Vertical sleeve gastrectomy works mainly by reducing stomach volume. During surgery, the stomach is divided vertically and 80 to 85 percent of it is removed. What is left is a long vertical "sleeve" that is shaped like a banana. The nerves to the stomach and the outlet valve (pylorus) remain intact to preserve the functions of the stomach while reducing the volume it is able to hold.

Open Versus Minimally Invasive SurgeryTechniques

 

Bariatric surgery has been performed for decades. For most of those years, surgeons performed bariatric surgery using an open technique, which required a long incision and traditional medical instruments. 

As medical technology evolved, the laparoscopic or minimally invasive technique was introduced and widely adopted. Using the minimally invasive technique, a surgeon performs the same operation, but creates several ¼ to ½ inch incisions and uses long-handled instruments. This technique is associated with faster recovery, less pain, and less scarring.
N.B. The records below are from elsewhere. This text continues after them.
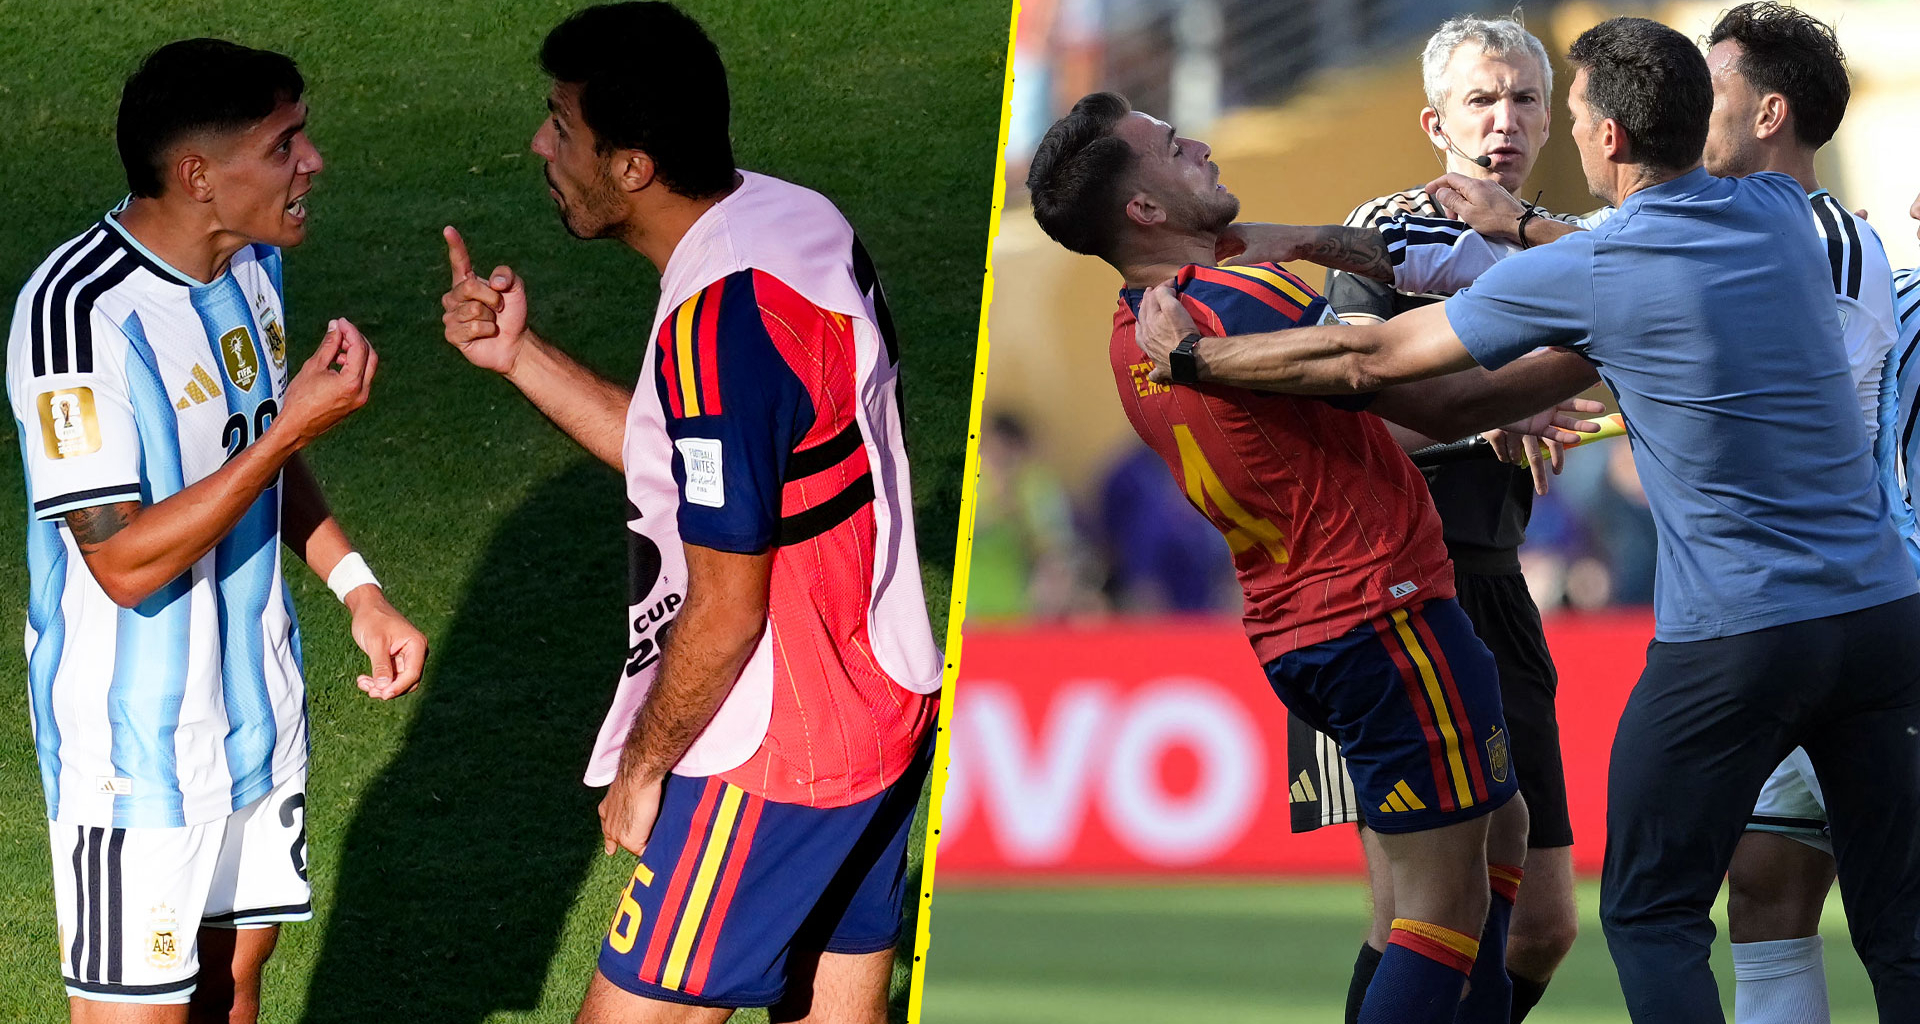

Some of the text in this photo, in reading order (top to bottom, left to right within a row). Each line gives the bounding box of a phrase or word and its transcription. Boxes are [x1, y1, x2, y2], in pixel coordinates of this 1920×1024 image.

[237, 366, 253, 381] FIFA
[690, 458, 716, 475] UNITES
[1172, 424, 1290, 565] 4
[633, 593, 682, 634] CUP
[153, 931, 176, 956] AFA
Both approaches have similar success rates in reducing excess weight and improving or resolving co-morbid conditions.

Considerations

 

Not all patients are candidates for the laparoscopic approach, just as not all bariatric surgeons are trained to perform this less-invasive method.
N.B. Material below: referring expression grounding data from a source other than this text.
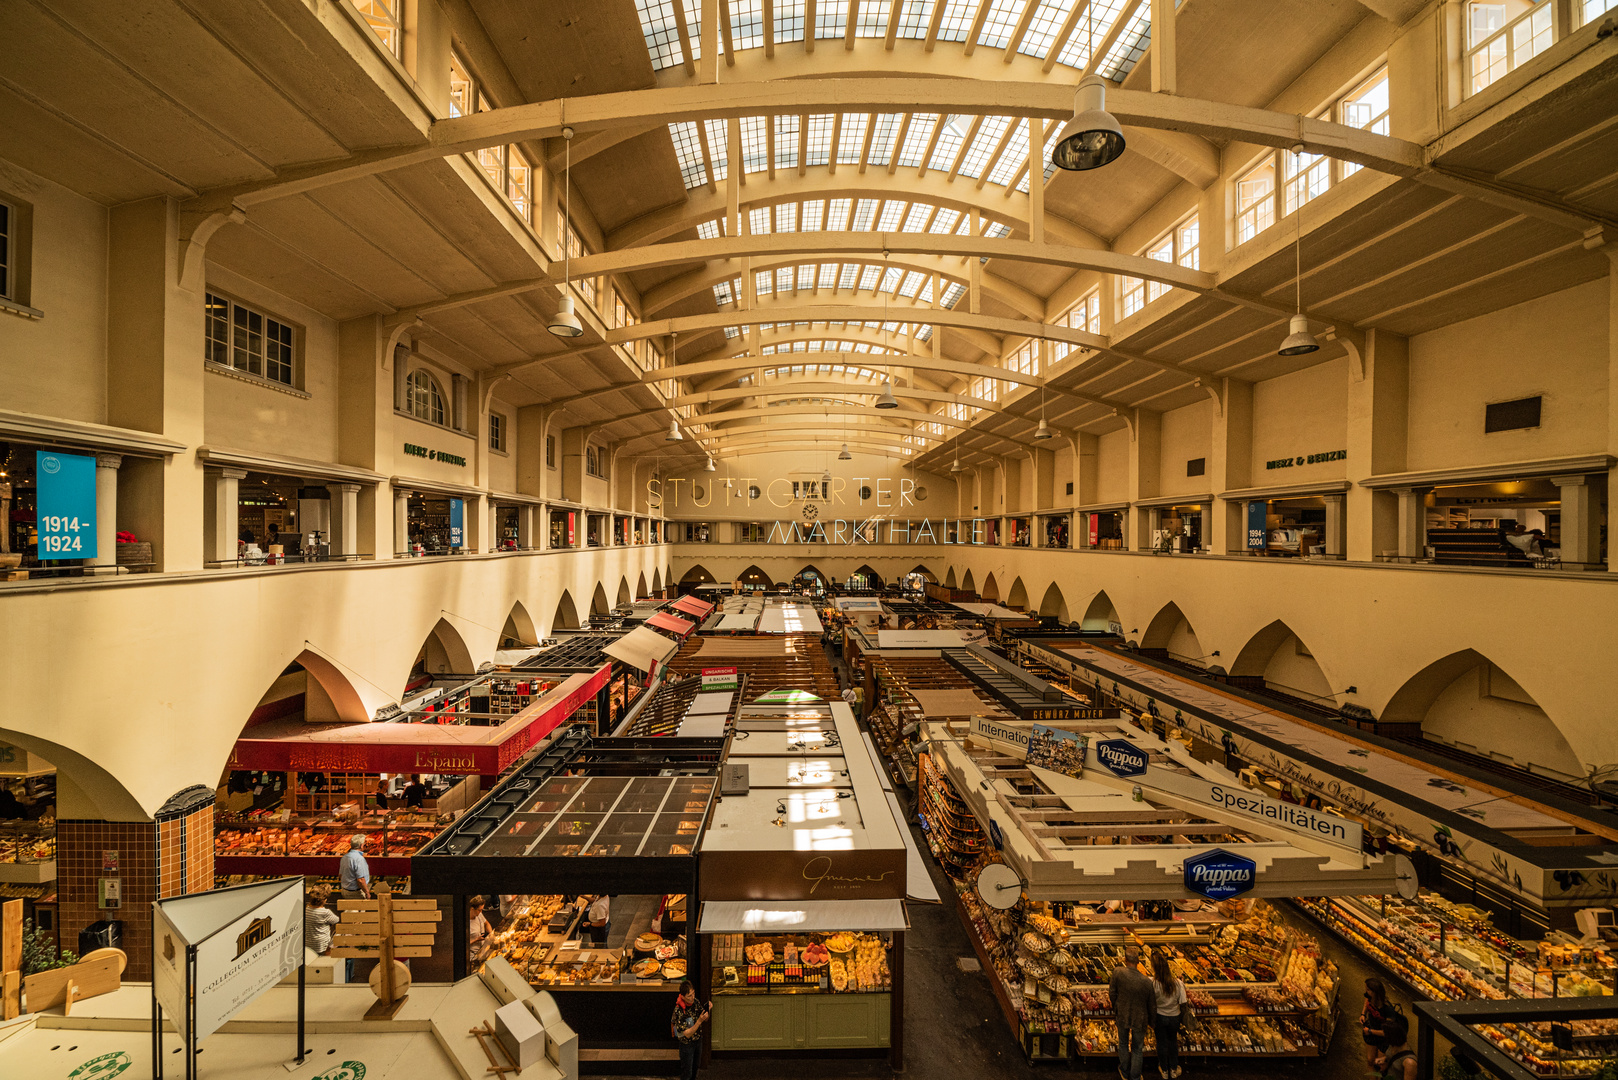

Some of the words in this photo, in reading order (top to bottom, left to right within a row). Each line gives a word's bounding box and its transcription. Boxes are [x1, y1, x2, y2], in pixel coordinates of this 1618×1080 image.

[404, 443, 428, 458] MERZ
[429, 449, 436, 460] &
[1266, 458, 1293, 470] MERZ
[1296, 456, 1305, 466] &
[645, 477, 914, 508] STUTTGARTER
[766, 517, 986, 545] MARKTHALLE
[42, 536, 82, 552] 1924
[1033, 708, 1069, 720] GEWÜRZ
[1074, 709, 1103, 719] MAYER
[1100, 744, 1143, 768] Pappas
[978, 720, 1031, 745] Internatio
[1211, 786, 1345, 840] Spezialitäten
[1193, 864, 1250, 886] Pappas
[202, 958, 250, 995] COLLEGIUM
[252, 925, 299, 959] WIRTEMBERG
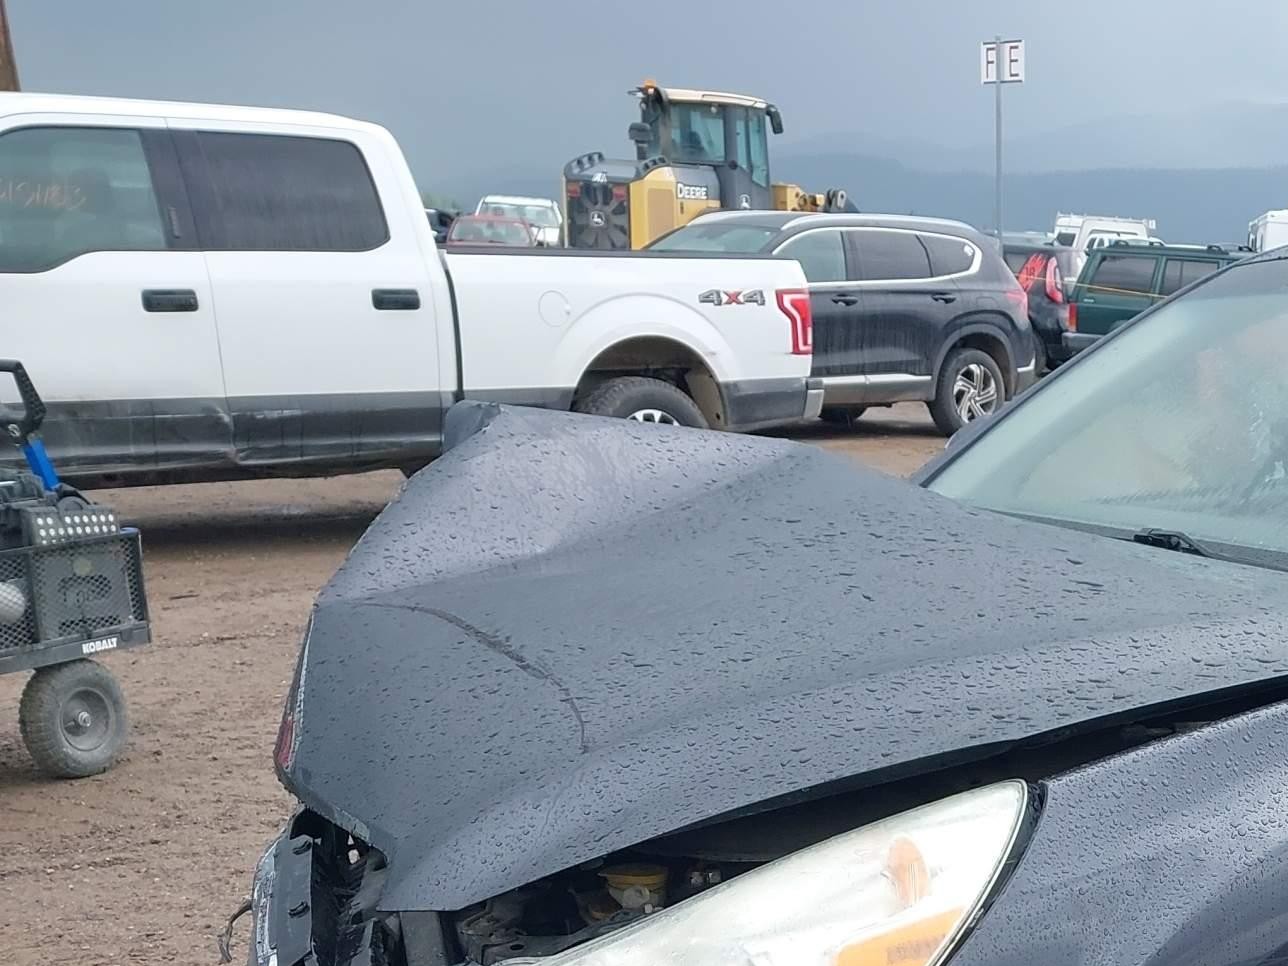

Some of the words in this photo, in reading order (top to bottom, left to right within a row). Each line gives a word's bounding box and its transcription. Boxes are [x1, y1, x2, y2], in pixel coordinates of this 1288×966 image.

[985, 47, 996, 80] F
[1008, 45, 1020, 78] E
[677, 182, 708, 200] DEERE
[81, 637, 118, 655] KOBALT
In some patients, the laparoscopic, or minimally invasive, technique cannot be used. Here are reasons why you may have an open procedure, or that may lead your surgeon to switch from laparoscopic to open:

  • Prior abdominal surgery that has caused dense scar tissue
  • Inability to see organs
  • Bleeding problems during the procedure

The American Society for Metabolic and Bariatric Surgery recommends that laparoscopic bariatric surgery should be performed only by surgeons who are experienced in both laparoscopic and open bariatric procedures. The surgeons at JFK for Life meet these criteria.